Ich denke jedoch nicht, dass beispielsweise ein Docter Nobilem mit Randunschärfe nur rein subjektiv, oder aufgrund eines physiologischen Effektes schärfer zeichnet.Gruß Mike
Hallo Mike.
Nun, klingt doch sehr widersprüchlich? Die Kompetenz der Beurteilung fehlt, die Möglichkeitsform ("ich denke") schreibt aber dem Nobilem die angedachte Leistung zu

Klingt ja fast so, als wenn das Fuji nicht schärfer sein dürfte, denn wo kämen wir denn da hin, wenn wir da hin kämen, wo wir dann wären, wenn den alten Gläsern und der Fangemeinde aus Voreingenommenheit die Leistung der Optik gestohlen würde.
Gemein, kleiner doofer Scherz, sorry.
Ich führte ja auf, ich hebe keinen Zweifel an den Leistungen vergangener Tage und jener, die beispielsweise Docter aufweist.
Im Gegenteil, Porros in diesem Preissegment dürften gern im Sortiment erweitert werden.
Die Effekte der visuellen Wahrnehmung sollte auch nicht überbewertet werden, jedoch auch nicht gänzlich in der Beurteilung aus den Augen verloren gehen. Denn sie erklären einiges an Leistungen, die eben NICHT im Glas sondern im Beobachter verankert sind.
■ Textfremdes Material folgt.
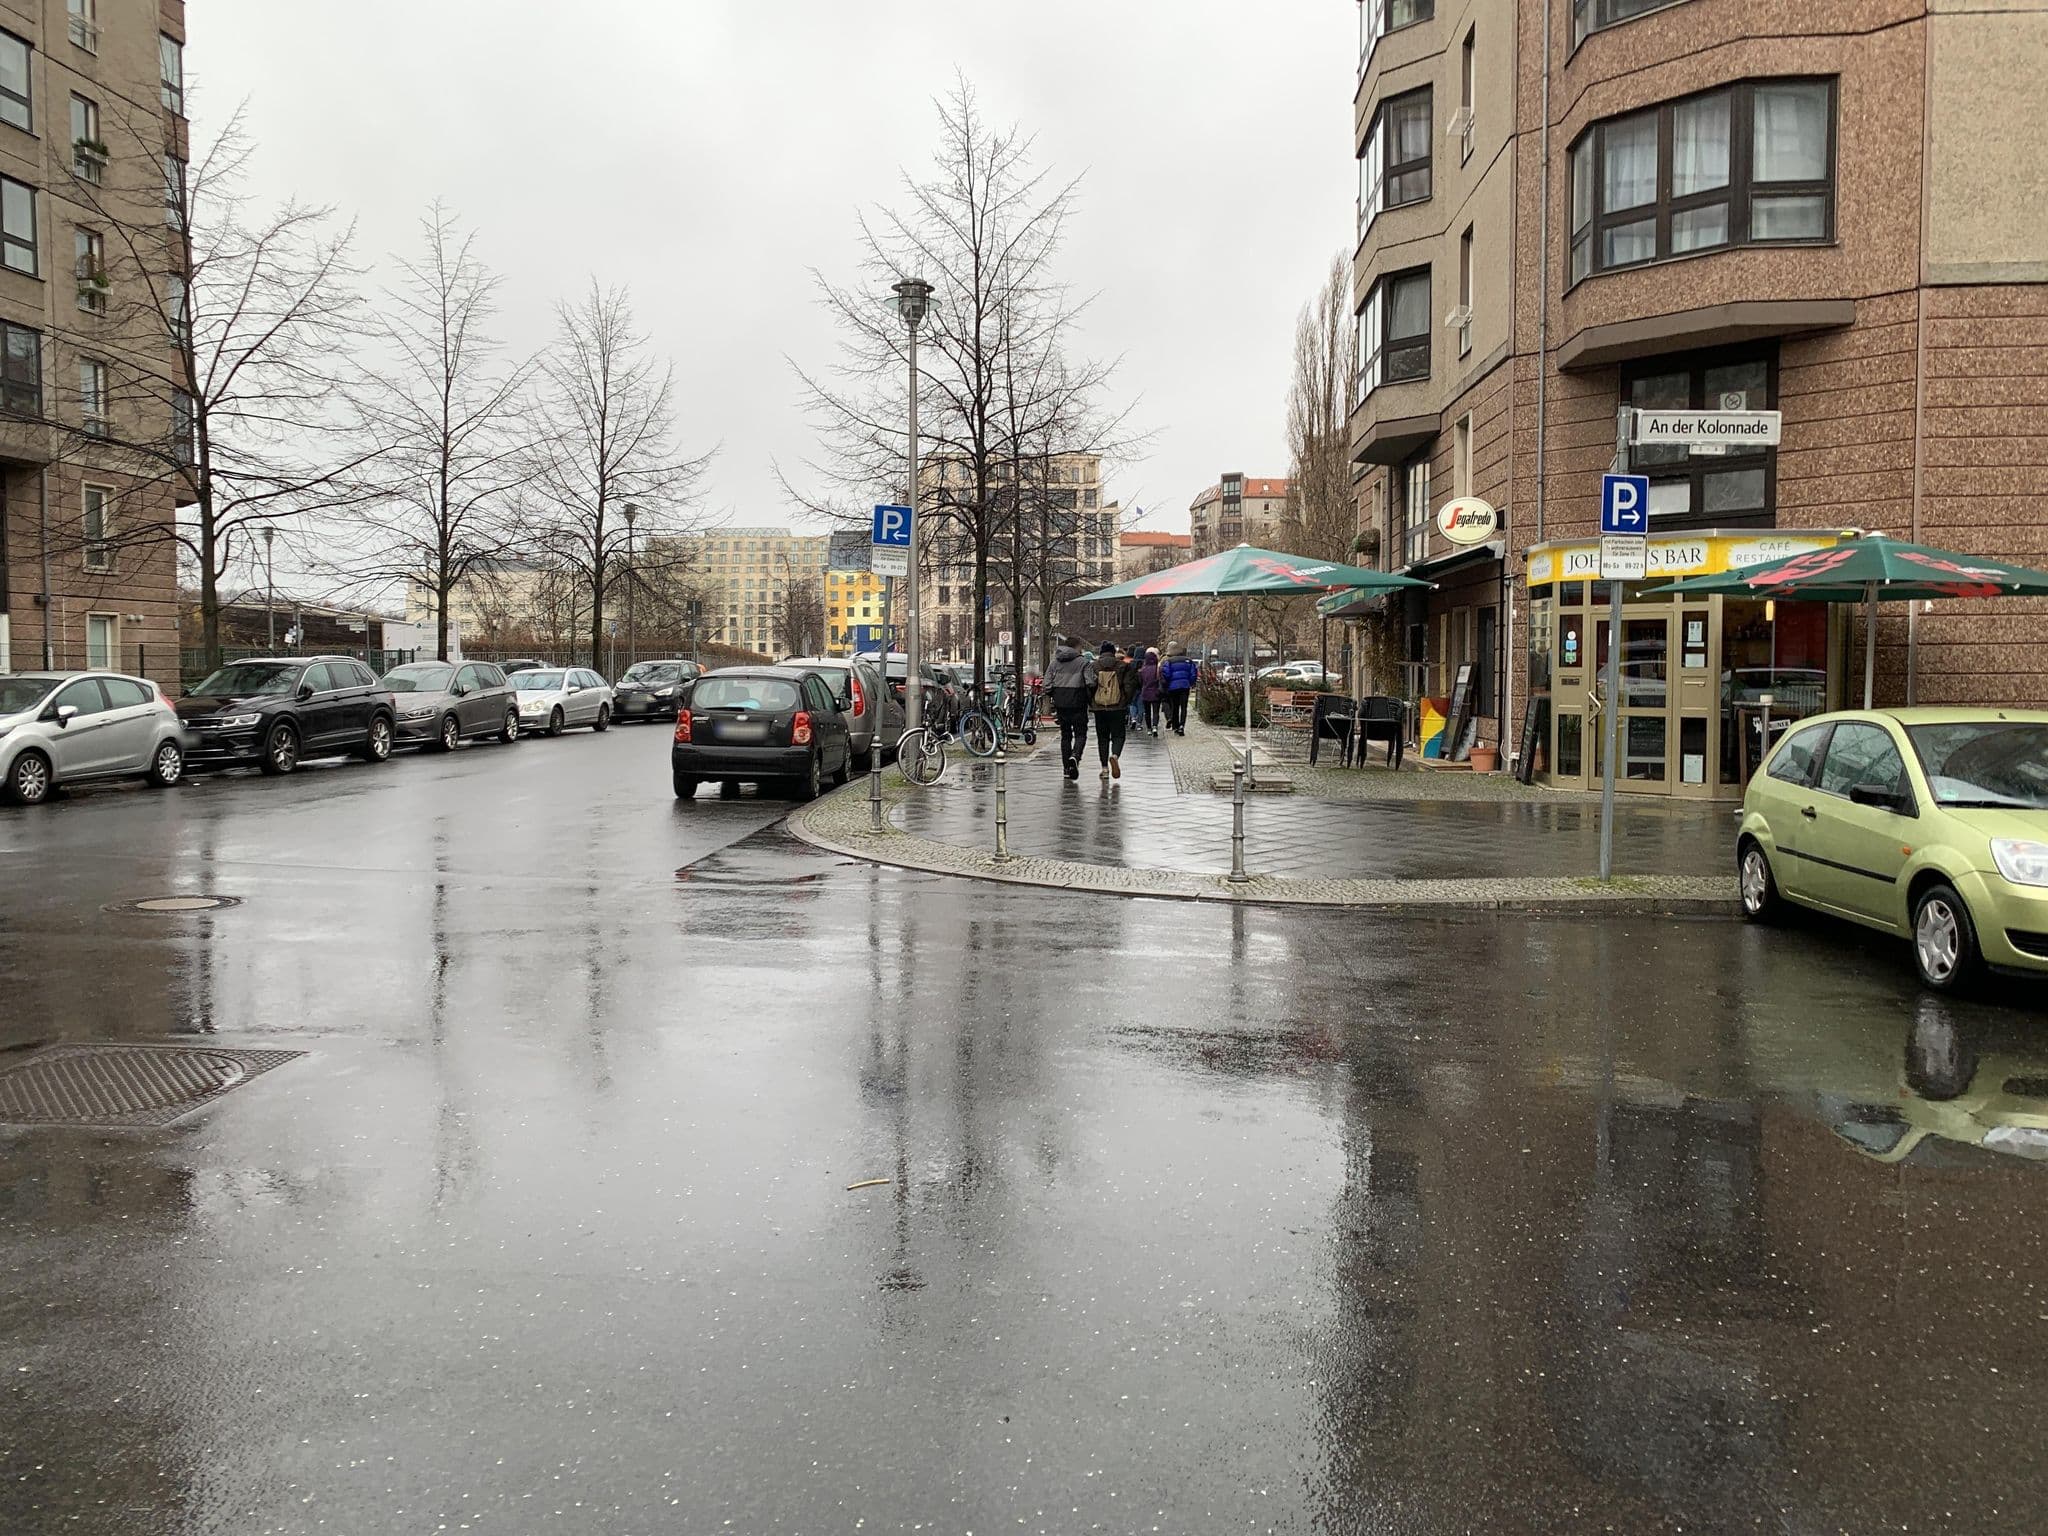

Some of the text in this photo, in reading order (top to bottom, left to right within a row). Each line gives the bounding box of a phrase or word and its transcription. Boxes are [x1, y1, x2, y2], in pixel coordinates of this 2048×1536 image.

Letztendlich spielt das Gericht nach Rezept für die Geschmackswahrnehmung durch eigene Zutaten keine Rolle, solange es lecker ist.
Ab und an aber wird mir an der einen oder anderen Stelle durch zu viele Konjunktive eine zugesprochene Leistung rekrutiert.
Vor allem dann, wenn optische Zusammenhänge wie Kontrast und Schärfe, vor allem Transmission nicht im Zusammenhang, sondern gegenüber neuen Gläsern argumentativ in der Isolationshaft gelobt aufgestellt werden. Den Faktor Beobachter mal außen vor gelassen.